=== DATASET EXCERPTS ===

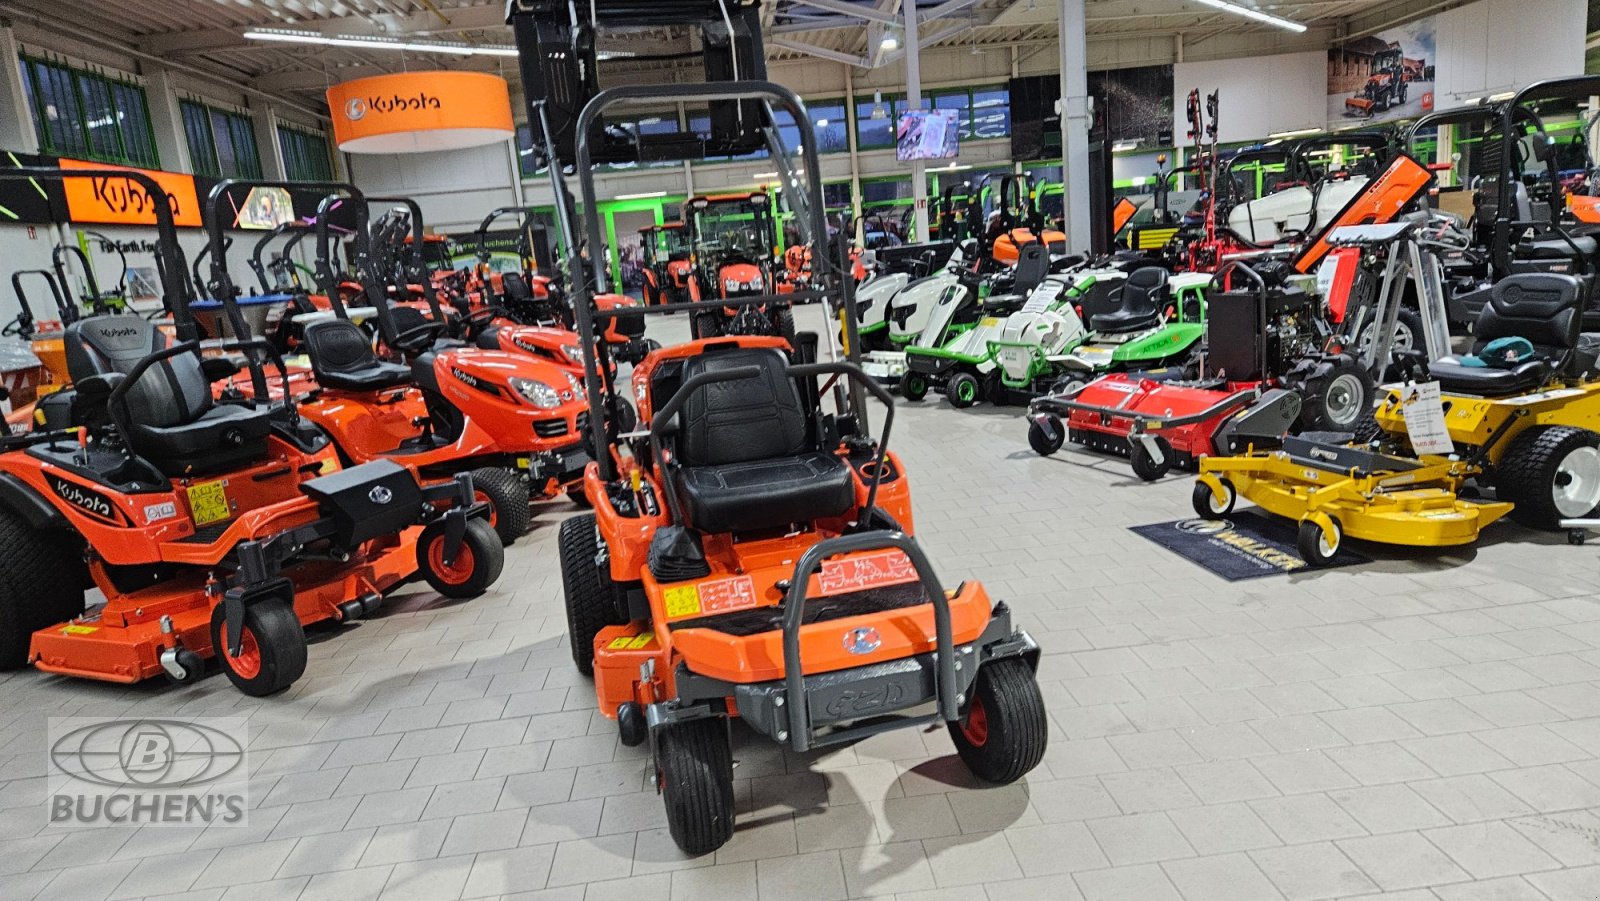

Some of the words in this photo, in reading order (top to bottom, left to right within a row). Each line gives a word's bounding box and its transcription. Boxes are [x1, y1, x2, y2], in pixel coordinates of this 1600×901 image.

[369, 92, 441, 113] Kubota
[91, 176, 180, 216] Kuboa
[100, 327, 137, 338] Kubota
[453, 367, 477, 387] Kubota
[56, 480, 110, 516] Kubota
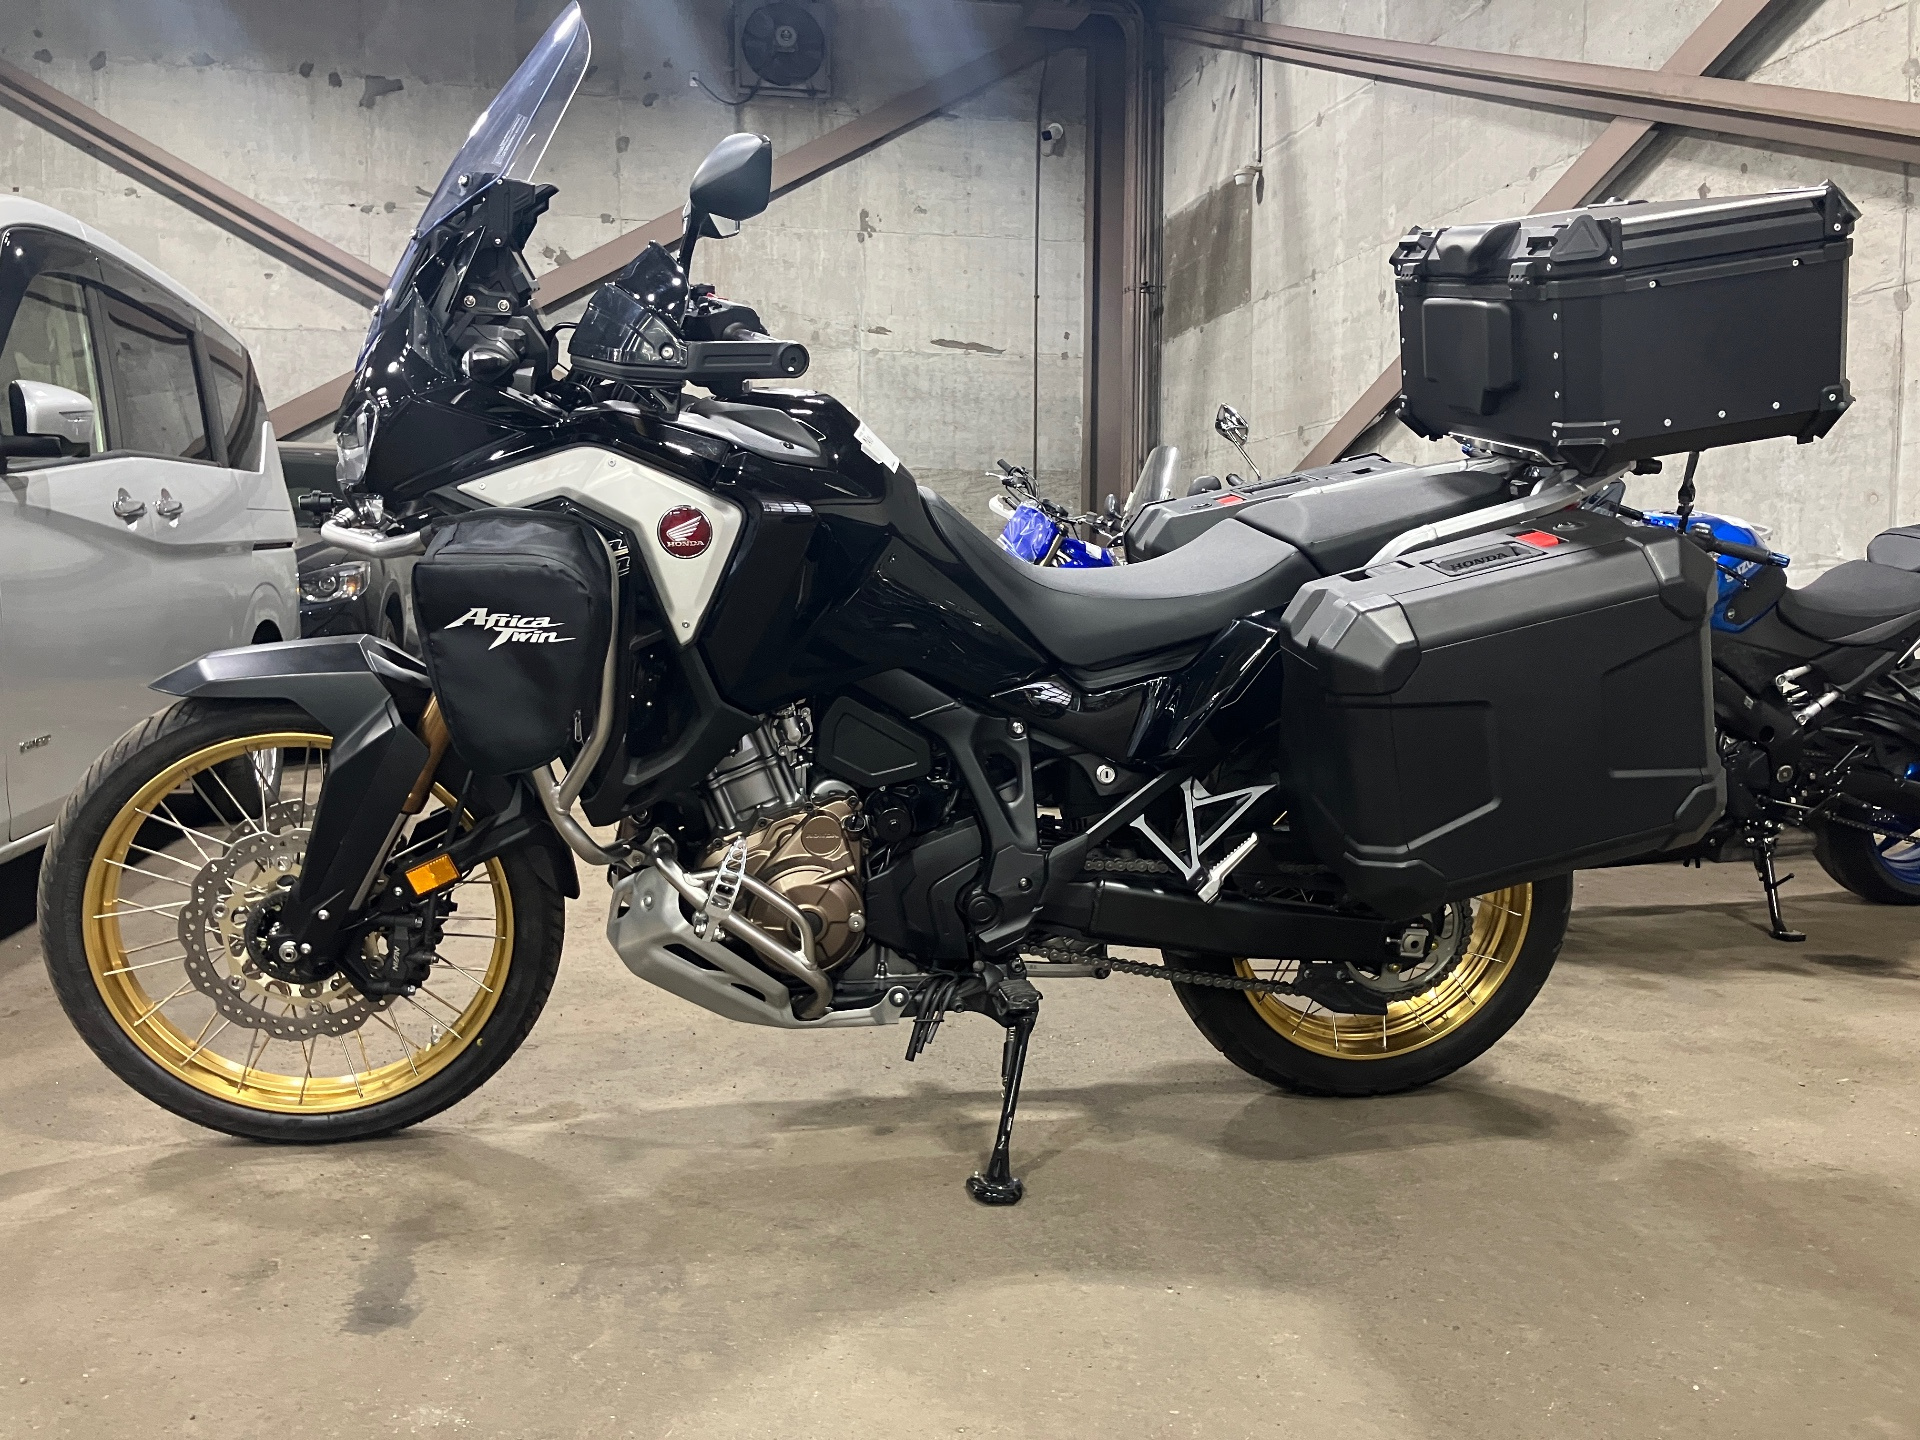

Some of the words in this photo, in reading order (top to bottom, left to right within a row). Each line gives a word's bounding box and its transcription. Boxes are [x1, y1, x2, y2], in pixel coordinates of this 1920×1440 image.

[1450, 551, 1509, 571] HONDA
[1724, 561, 1758, 582] SUZU
[443, 607, 565, 631] Africa
[488, 627, 577, 651] Twin

===

Counting the line that contains "this 1920×1440 image." as the first, copy exactly every line through the end of the records, and nothing else.

Some of the words in this photo, in reading order (top to bottom, left to right within a row). Each line gives a word's bounding box and its transcription. Boxes are [x1, y1, x2, y2], in pixel coordinates of this 1920×1440 image.

[1450, 551, 1509, 571] HONDA
[1724, 561, 1758, 582] SUZU
[443, 607, 565, 631] Africa
[488, 627, 577, 651] Twin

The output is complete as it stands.